Marie Pollard, Brenda’s great-niece, said she could easily believe her aunt’s secret was avoiding men.
“My auntie living for over a century is no surprise to me as she’s always been fiercely independent,” she said.
On the other hand, 100-year-old Lesley from Somerset, UK, has a different idea. The retired baker believes the answer to a long life is simple – never skip dessert.
Lesley, whose fitness levels would put much younger men to shame, says he’s always had a “tremendous appetite,” yet has managed to remain a healthy weight his whole life.
He discovered his sweet tooth while working for the family bakery at age 12, where he delivered goods by horse and cart.
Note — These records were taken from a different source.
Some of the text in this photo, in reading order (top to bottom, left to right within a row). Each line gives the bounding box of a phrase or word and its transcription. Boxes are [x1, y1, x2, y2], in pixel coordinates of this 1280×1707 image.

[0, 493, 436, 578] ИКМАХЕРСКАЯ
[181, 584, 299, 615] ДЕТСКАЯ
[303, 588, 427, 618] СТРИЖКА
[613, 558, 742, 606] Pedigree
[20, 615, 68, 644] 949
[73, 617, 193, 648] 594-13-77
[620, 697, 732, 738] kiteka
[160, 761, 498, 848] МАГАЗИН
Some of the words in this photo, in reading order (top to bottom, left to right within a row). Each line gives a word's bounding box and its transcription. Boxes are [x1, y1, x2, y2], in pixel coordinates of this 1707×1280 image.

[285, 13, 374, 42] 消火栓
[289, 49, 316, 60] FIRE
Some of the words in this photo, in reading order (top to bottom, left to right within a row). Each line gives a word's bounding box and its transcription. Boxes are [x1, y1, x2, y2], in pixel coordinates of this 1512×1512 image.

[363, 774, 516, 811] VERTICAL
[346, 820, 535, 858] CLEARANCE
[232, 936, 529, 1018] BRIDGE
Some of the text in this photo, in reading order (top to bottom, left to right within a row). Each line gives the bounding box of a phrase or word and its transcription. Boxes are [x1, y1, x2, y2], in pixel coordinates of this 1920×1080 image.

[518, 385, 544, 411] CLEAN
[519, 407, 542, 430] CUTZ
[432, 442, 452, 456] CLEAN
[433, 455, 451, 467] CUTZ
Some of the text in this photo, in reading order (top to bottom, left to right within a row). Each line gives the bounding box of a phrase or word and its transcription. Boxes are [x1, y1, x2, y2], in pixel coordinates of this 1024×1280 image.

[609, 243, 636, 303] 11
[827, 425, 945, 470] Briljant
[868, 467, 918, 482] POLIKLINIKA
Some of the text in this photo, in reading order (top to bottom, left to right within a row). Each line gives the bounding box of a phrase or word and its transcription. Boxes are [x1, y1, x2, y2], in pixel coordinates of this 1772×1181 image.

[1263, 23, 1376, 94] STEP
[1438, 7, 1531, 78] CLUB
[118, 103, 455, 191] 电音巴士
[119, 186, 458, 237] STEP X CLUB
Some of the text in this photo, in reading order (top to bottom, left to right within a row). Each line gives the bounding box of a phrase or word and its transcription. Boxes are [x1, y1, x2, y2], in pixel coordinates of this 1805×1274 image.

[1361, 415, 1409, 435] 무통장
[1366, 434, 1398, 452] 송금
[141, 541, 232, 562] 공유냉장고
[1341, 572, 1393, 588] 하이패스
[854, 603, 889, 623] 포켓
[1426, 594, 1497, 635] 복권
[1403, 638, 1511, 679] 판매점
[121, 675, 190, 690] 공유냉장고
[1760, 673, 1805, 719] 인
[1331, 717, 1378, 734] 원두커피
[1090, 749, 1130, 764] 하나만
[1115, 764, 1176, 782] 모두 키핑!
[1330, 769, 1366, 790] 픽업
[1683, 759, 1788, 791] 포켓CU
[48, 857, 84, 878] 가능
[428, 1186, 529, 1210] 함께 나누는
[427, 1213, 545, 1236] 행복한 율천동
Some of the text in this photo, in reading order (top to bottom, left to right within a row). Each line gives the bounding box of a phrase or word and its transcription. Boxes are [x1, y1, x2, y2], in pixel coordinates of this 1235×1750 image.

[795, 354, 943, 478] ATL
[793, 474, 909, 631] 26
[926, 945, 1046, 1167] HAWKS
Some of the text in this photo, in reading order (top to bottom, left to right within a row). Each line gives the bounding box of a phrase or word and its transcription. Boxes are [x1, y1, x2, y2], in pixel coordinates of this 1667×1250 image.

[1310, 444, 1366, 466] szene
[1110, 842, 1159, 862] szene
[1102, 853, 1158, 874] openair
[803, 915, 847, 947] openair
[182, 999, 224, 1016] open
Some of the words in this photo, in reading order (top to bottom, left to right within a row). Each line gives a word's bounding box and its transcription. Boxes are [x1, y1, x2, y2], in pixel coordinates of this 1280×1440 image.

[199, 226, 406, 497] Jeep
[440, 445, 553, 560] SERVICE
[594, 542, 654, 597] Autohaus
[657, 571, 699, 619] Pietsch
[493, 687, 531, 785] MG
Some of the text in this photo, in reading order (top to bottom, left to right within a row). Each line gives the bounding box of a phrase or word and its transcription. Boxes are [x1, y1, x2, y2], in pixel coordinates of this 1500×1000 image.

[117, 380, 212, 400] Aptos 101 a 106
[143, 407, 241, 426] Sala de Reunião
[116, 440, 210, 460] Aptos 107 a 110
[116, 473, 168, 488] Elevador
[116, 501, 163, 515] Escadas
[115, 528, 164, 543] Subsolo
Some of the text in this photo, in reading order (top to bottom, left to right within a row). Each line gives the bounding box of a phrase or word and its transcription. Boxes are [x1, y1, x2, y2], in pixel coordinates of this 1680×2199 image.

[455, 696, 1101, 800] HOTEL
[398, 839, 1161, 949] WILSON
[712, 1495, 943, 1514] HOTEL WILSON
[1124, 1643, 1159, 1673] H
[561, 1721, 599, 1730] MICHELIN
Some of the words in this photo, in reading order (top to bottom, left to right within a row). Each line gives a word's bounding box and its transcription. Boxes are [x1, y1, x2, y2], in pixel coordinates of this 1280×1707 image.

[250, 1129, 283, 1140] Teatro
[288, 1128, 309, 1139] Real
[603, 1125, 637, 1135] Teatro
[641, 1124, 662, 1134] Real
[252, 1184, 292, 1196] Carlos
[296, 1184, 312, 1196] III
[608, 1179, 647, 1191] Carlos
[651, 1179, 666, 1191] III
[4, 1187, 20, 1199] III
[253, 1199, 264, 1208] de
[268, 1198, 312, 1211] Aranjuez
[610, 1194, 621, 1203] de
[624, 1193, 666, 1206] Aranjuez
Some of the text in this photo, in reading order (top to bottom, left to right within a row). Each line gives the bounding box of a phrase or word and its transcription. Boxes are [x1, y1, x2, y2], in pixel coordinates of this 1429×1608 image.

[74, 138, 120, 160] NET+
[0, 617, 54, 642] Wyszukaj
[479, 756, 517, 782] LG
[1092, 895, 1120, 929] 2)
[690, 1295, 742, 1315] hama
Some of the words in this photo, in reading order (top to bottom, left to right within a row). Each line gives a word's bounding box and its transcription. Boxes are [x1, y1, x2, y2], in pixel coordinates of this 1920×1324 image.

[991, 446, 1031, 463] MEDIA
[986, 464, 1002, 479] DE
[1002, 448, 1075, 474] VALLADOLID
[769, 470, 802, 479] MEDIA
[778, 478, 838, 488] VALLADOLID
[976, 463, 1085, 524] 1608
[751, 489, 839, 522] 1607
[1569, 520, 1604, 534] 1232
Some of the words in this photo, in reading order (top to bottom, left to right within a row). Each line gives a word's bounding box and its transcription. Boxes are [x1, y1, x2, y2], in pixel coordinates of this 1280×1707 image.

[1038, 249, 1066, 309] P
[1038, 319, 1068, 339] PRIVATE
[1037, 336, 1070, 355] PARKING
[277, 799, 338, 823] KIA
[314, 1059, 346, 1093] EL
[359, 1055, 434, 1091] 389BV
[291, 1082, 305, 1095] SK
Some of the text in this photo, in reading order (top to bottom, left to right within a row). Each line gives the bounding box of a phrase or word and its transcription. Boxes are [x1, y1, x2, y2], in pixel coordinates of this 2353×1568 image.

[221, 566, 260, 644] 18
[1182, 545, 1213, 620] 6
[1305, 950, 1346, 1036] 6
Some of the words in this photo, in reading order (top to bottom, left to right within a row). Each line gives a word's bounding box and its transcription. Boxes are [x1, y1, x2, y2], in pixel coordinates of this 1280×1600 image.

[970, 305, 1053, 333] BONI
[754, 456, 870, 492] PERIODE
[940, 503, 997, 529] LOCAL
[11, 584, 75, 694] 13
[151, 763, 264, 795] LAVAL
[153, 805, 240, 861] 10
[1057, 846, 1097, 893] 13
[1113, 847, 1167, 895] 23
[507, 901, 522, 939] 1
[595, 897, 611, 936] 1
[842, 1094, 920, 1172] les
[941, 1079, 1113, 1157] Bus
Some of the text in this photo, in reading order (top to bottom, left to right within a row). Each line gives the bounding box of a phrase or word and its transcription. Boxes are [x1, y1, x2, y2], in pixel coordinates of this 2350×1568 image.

He worked in the family bakery for most of his life, except from 1939 to 1945 when he joined the war effort.
He had two near misses during World War II. The first was while stationed at mount Etna in 1942, the year the volcano erupted.
The second was later the same year, when his tank was bombed by Germans. He miraculously survived by escaping through a turret the crew had forgot to close.
His granddaughter Claire, 49, now runs Hayman’s Bakery, but Lesley still likes a pie or pudding every night after dinner. His favourites are apple pie, chocolate brownies, and sponge cake.
“Les has a tremendous appetite and loves his food.” His daughter-in-law Jennifer, 74, joked.
“It’s incredible really, he never leaves anything and never skips dessert.”
While his son Tim, also 74, added: “He eats more than me – we don’t know where he puts it all.”
So, it’s no surprise that Lesley spent his 100th birthday yesterday enjoying a nice meal with family, of which he has plenty – three children, five grandchildren, and ten great-grandchildren, to be exact.
We wonder what he had for dessert?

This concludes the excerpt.